Durante décadas, el Chocó ha esperado. Ha esperado que llegara alguien diferente. Alguien que no viniera a robar, a clientelizar, a prometer lo que nunca iba a cumplir. Ha esperado una voz que no se doblegara ante los mismos de siempre. Una representante que llegara a Bogotá a trabajar, no a acomodarse.
Ese momento llegó.
Sandra Palacios llega con propuestas concretas donde otros llegan con billetes. Llega con un expediente limpio donde otros cargan investigaciones. Llega con una agenda para el Chocó productivo donde otros cargan la agenda de sus financiadores.
Ella está lista.
Pero una sola candidata no cambia nada sin un pueblo que decida cambiar con ella. La historia no la escriben los que llegan al poder. La escriben los que deciden a quién llevar.
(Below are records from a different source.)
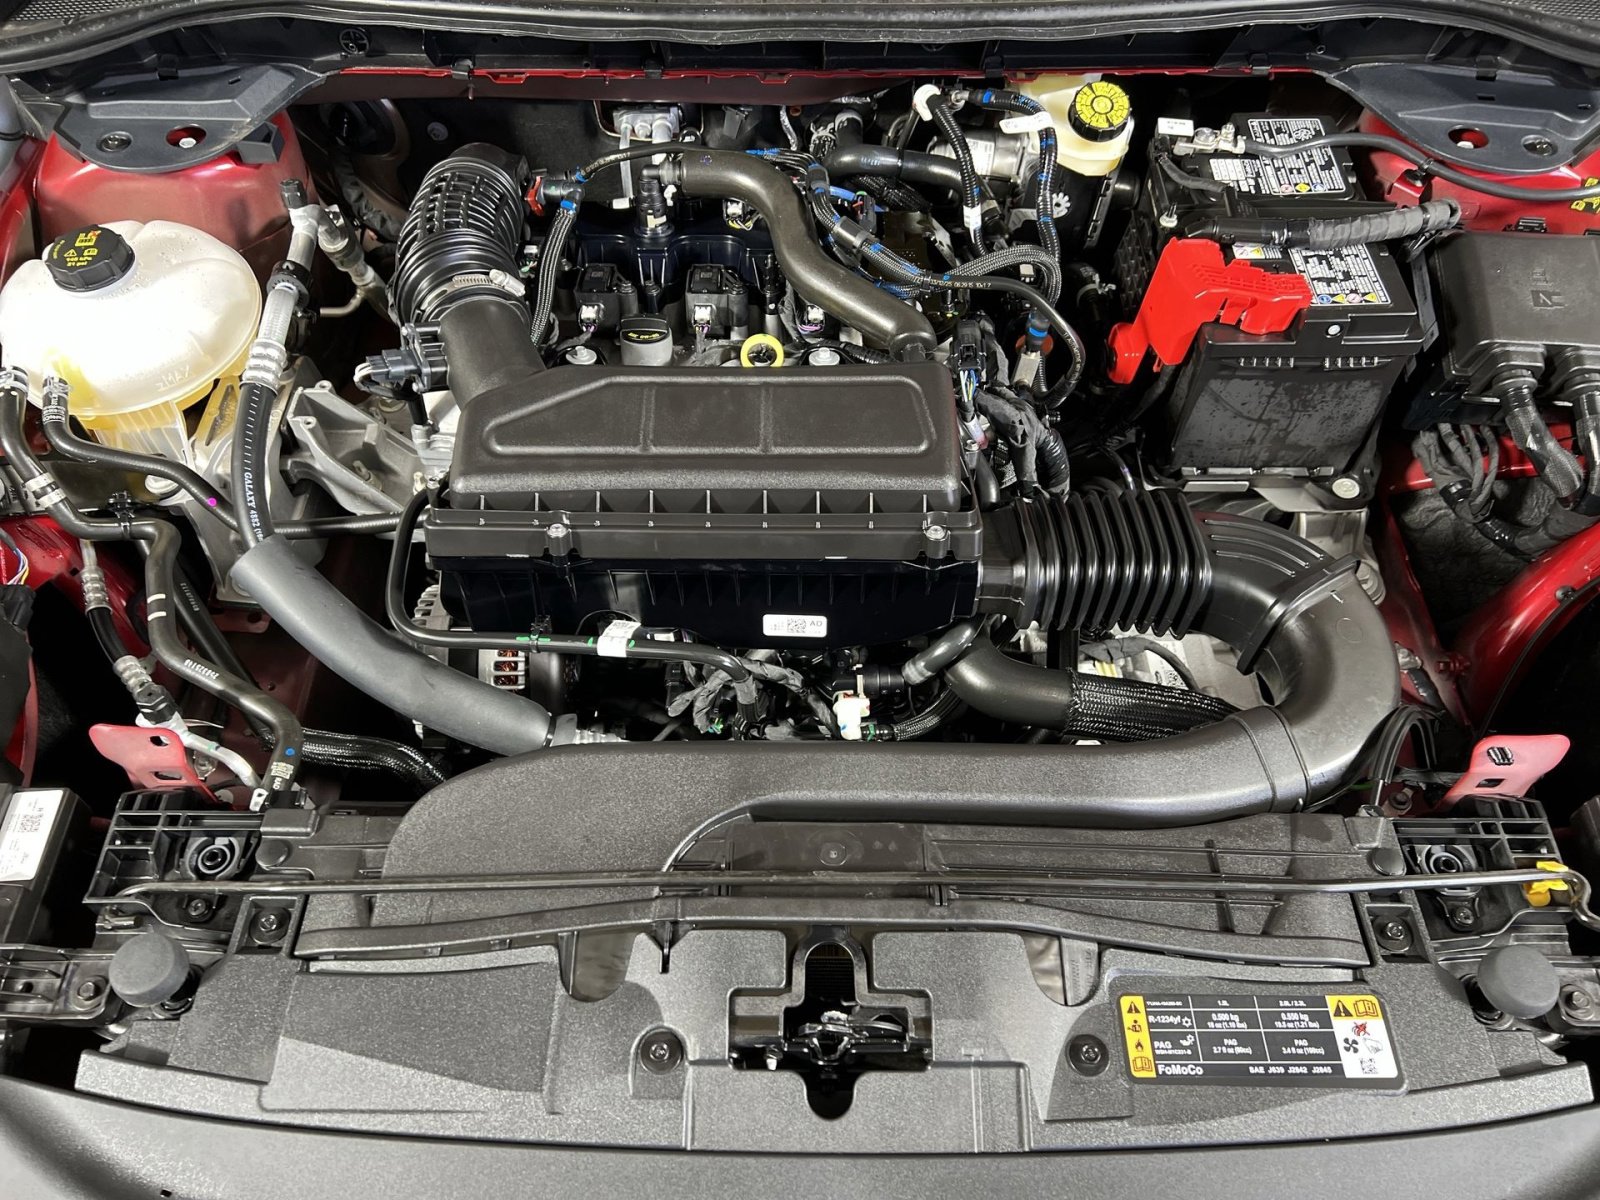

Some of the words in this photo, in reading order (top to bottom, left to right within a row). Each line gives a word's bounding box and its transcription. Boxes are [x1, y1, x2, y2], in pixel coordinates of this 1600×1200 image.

[244, 472, 256, 508] GALAXY
[1148, 1015, 1181, 1025] R-1234yf
[1154, 1041, 1172, 1049] PAG
[1224, 1038, 1238, 1046] PAG
[1157, 1064, 1204, 1075] FoMoCo
[1249, 1066, 1265, 1074] SAE
Y aquí está la pregunta que cada chocoano y chocoana debe hacerse el 08 de marzo antes de marcar su tarjetón:
¿Seguimos eligiendo a los mismos que nos han empobrecido? ¿O decidimos, por primera vez en mucho tiempo, elegir con consciencia, con orgullo, con visión de futuro?
Sandra Palacios está lista para representarnos.
¿Estamos listos nosotros para ser representados como merecemos?
El Chocó somos todos. Y todos tenemos una cita con la historia.